GOES-3, known as GOES-C before becoming operational, was an American geostationary weather and communications satellite. It was originally built for the National Oceanic and Atmospheric Administration as part of the Geostationary Operational Environmental Satellite system,[5] and was launched in June 1978.[6] It was positioned in geostationary orbit, from where it was initially used for weather forecasting in the United States. Since ceasing to function as a weather satellite in 1989, it was used as a communications satellite, and spent over thirty-eight years in operation. GOES-3 was decommissioned 29 June 2016 at the Center for Southeastern Tropical Advanced Remote Sensing facility in Miami, Florida.[7]

GOES-3 was built by Ford Aerospace, and was based on the satellite bus developed for the SMS programme.[8] At launch it had a mass of 627 kilograms (1,382 lb).[2]
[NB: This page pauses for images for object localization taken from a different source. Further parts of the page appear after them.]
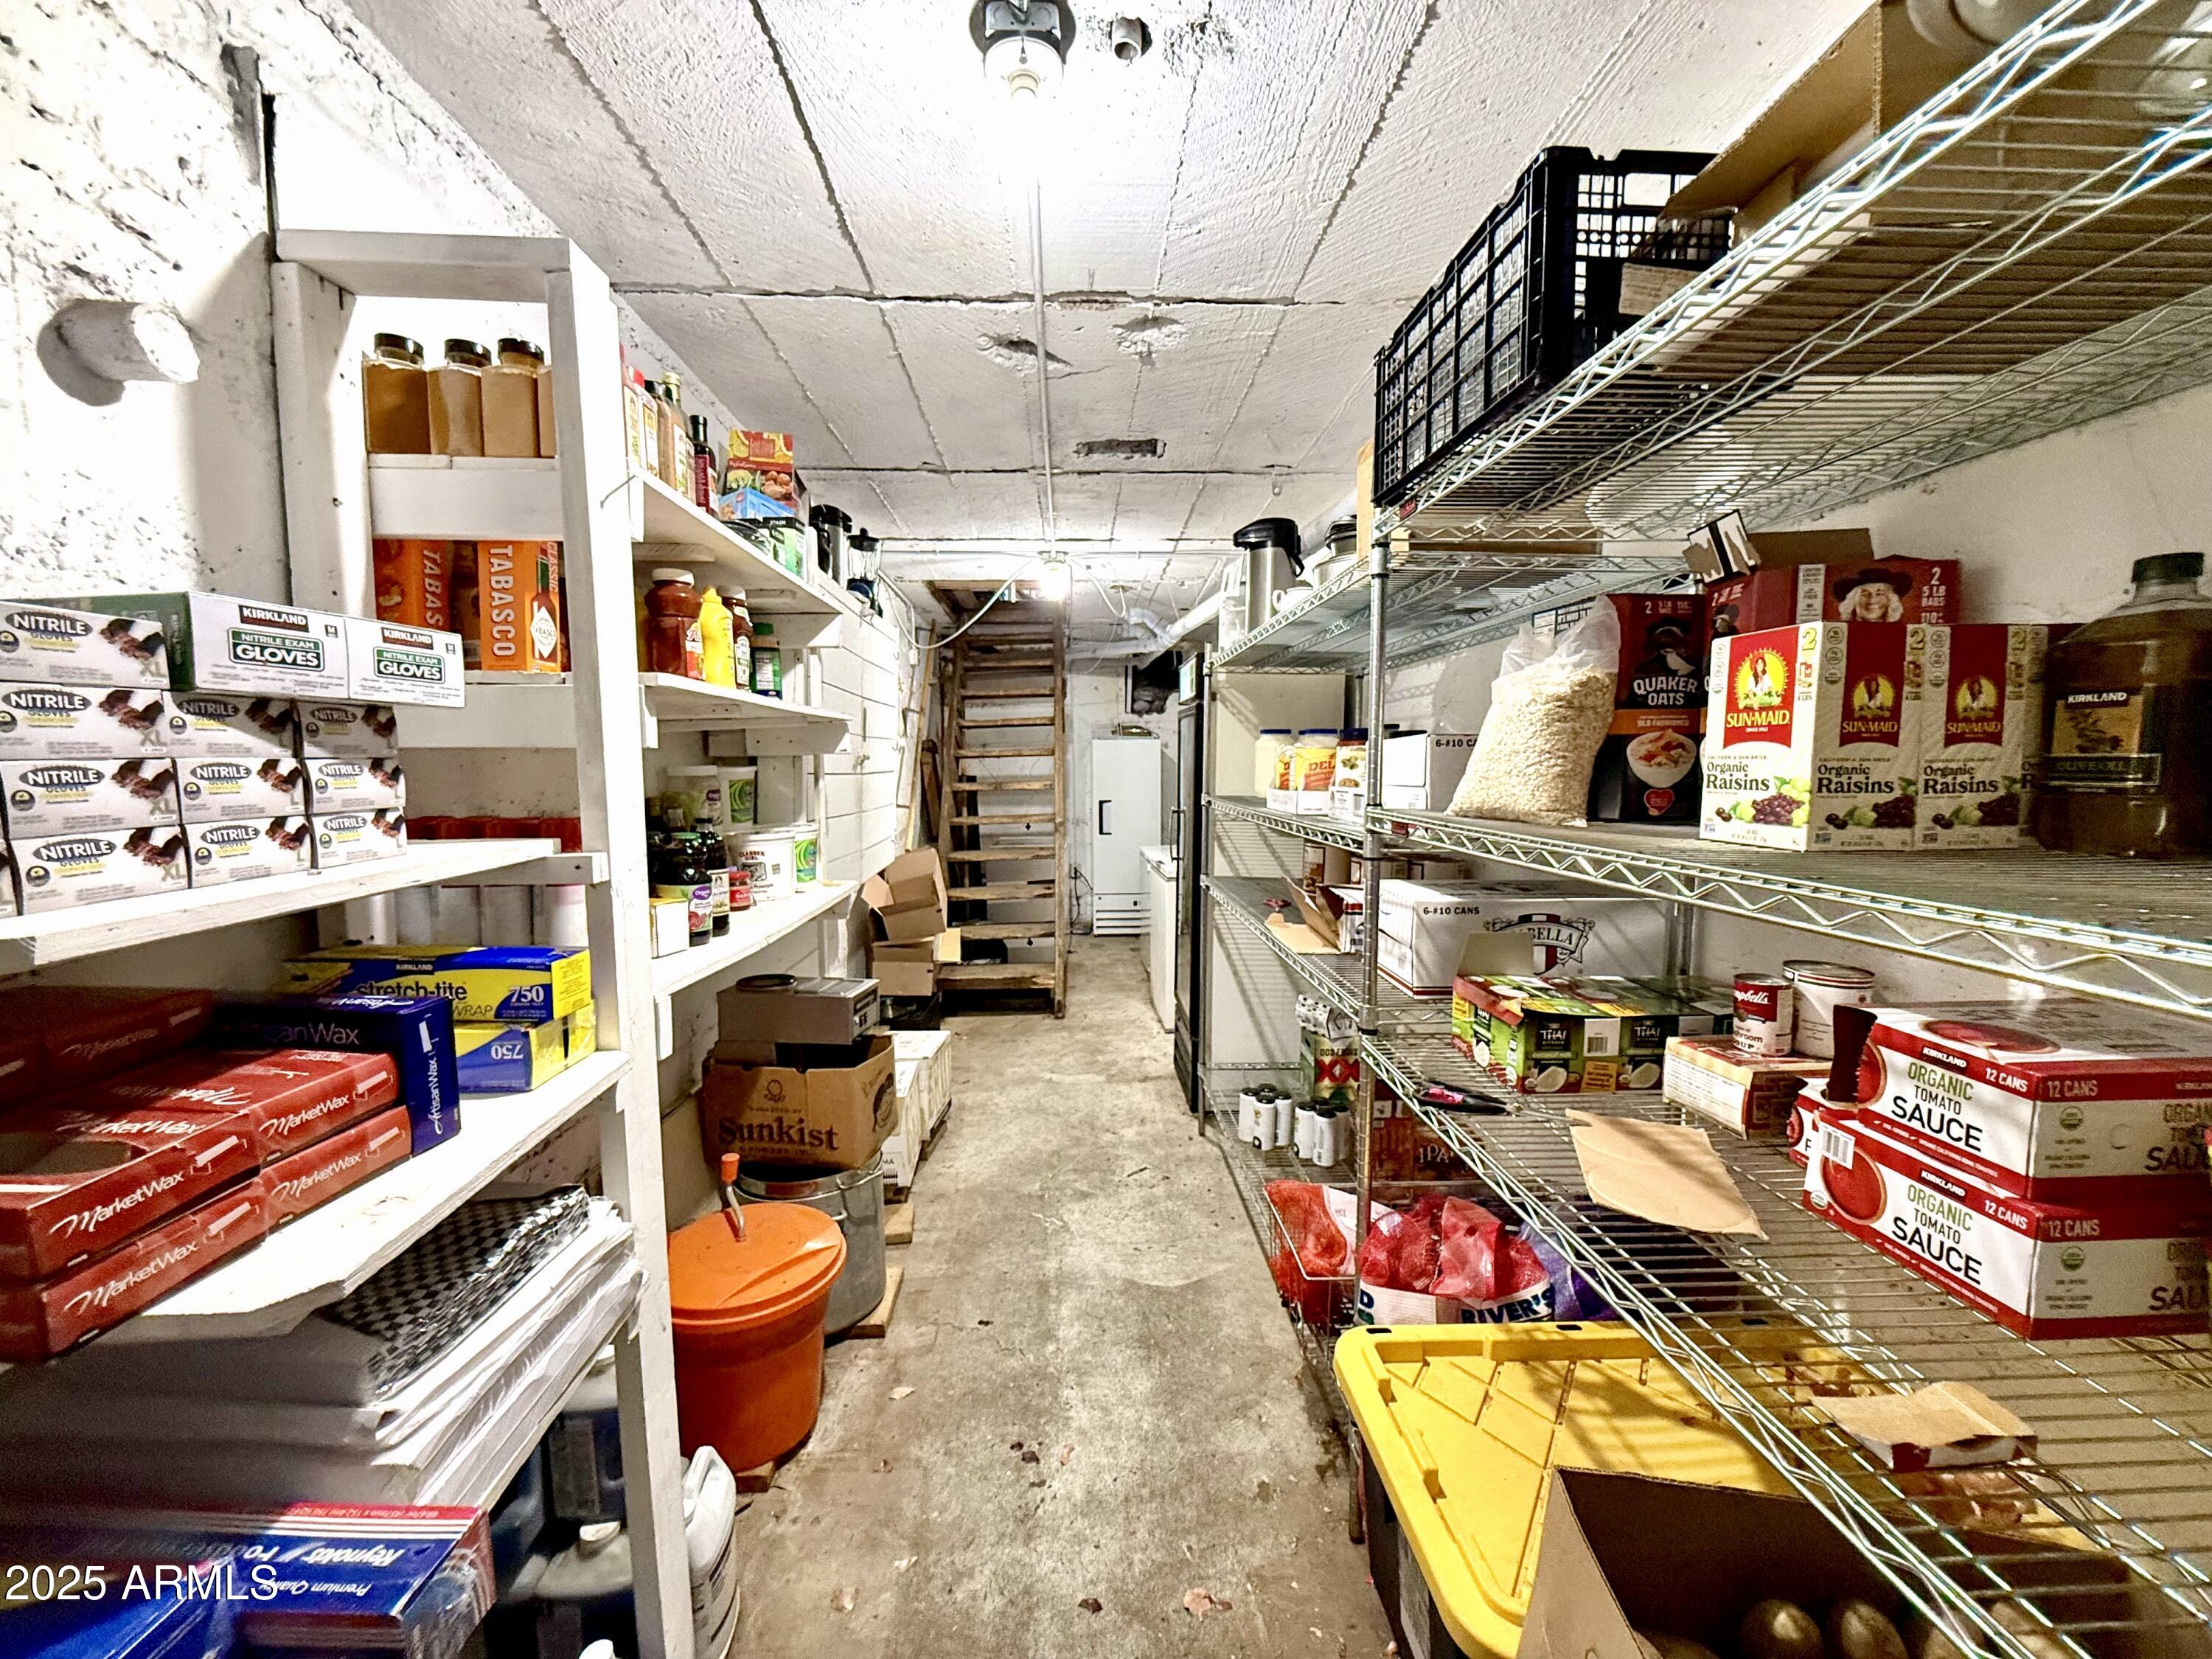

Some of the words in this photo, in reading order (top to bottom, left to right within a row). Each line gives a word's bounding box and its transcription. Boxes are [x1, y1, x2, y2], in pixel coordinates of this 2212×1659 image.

[547, 542, 559, 593] CLASSIC
[1931, 567, 1941, 585] 2
[422, 549, 444, 628] TABAS
[490, 544, 516, 656] TABASCO
[1644, 601, 1652, 613] 2
[13, 614, 87, 635] NITRILE
[242, 608, 307, 626] KIRKLAND
[241, 633, 284, 647] NITRILE
[284, 640, 315, 650] EXAM
[383, 628, 433, 645] KIRKLAND
[1802, 627, 1818, 650] 2
[1910, 627, 1925, 650] 2
[235, 644, 319, 667] GLOVES
[383, 651, 414, 662] NITRILE
[415, 656, 438, 664] EXAM
[378, 661, 442, 681] GLOVES
[1633, 675, 1697, 695] QUAKER
[10, 693, 85, 709] NITRILE
[1647, 693, 1685, 706] OATS
[2067, 692, 2128, 704] KIRKLAND
[183, 701, 236, 715] NITRILE
[314, 709, 355, 723] NITRILE
[27, 769, 100, 785] NITRILE
[196, 766, 249, 779] NITRILE
[320, 764, 362, 776] NITRILE
[1707, 762, 1749, 774] Organic
[1818, 764, 1871, 778] Organic
[1924, 765, 1975, 779] Organic
[1705, 774, 1770, 791] Raisins
[1816, 776, 1894, 794] Raisins
[1922, 777, 1999, 795] Raisins
[326, 817, 367, 830] NITRILE
[206, 827, 257, 843] NITRILE
[39, 841, 111, 860] NITRILE
[1422, 906, 1451, 916] 6-#10
[1453, 906, 1480, 916] CANS
[396, 963, 434, 971] KIRKLAND
[356, 981, 468, 1001] stretch-tite
[510, 985, 545, 1004] 750
[451, 1006, 493, 1018] WRAP
[1540, 1029, 1567, 1040] THAI
[1634, 1026, 1660, 1037] THAI
[490, 1044, 524, 1061] 750
[1923, 1047, 1967, 1068] KIRKLAND
[1907, 1061, 1974, 1101] ORGANIC
[1985, 1067, 1997, 1082] 12
[1998, 1072, 2028, 1093] CANS
[2048, 1080, 2062, 1098] 12
[2065, 1079, 2098, 1097] CANS
[428, 1057, 442, 1135] ArtisanWax
[1914, 1084, 1962, 1116] TOMATO
[258, 1093, 350, 1138] MarketWax
[1891, 1095, 1983, 1152] SAUCE
[718, 1116, 839, 1151] Sunkist
[1419, 1144, 1449, 1164] IPA
[271, 1152, 362, 1201] MarketWax
[1921, 1170, 1966, 1197] KIRKLAND
[49, 1169, 185, 1239] MarketWax
[1907, 1183, 1973, 1232] ORGANIC
[1984, 1200, 1997, 1215] 12
[1997, 1207, 2028, 1230] CANS
[1914, 1208, 1961, 1245] TOMATO
[2048, 1220, 2062, 1237] 12
[2065, 1219, 2101, 1237] CANS
[1891, 1216, 1983, 1285] SAUCE
[63, 1240, 199, 1316] MarketWax
[1461, 1287, 1554, 1324] RIVER'S
[301, 1543, 406, 1568] Reynolds
[310, 1582, 372, 1597] Premium
GOES-C was launched using a Delta 2914 carrier rocket flying from Launch Complex 17B at the Cape Canaveral Air Force Station.[2] The launch occurred at 10:49 GMT on 16 June 1978, just two minutes short of a year after the previous satellite, GOES-2.[6]


GOES-C on a Delta 2914 before launch

The launch successfully placed GOES-C into a geostationary transfer orbit, from which it raised itself to geostationary orbit using an onboard SVM-5 apogee motor. Its insertion into geosynchronous orbit occurred at 03:22 on 17 June.[1]

GOES-C underwent on-orbit testing, and was subsequently redesignated GOES-3. It replaced GOES 1 in service, and was initially operated at 135° West. In 1981, it was moved to 90° West, arriving in 1982, before departing again in 1984. In 1985 it arrived back at 135° West. In 1987 it was moved to 129° West, where it operated until it became unusable for meteorological studies in 1989.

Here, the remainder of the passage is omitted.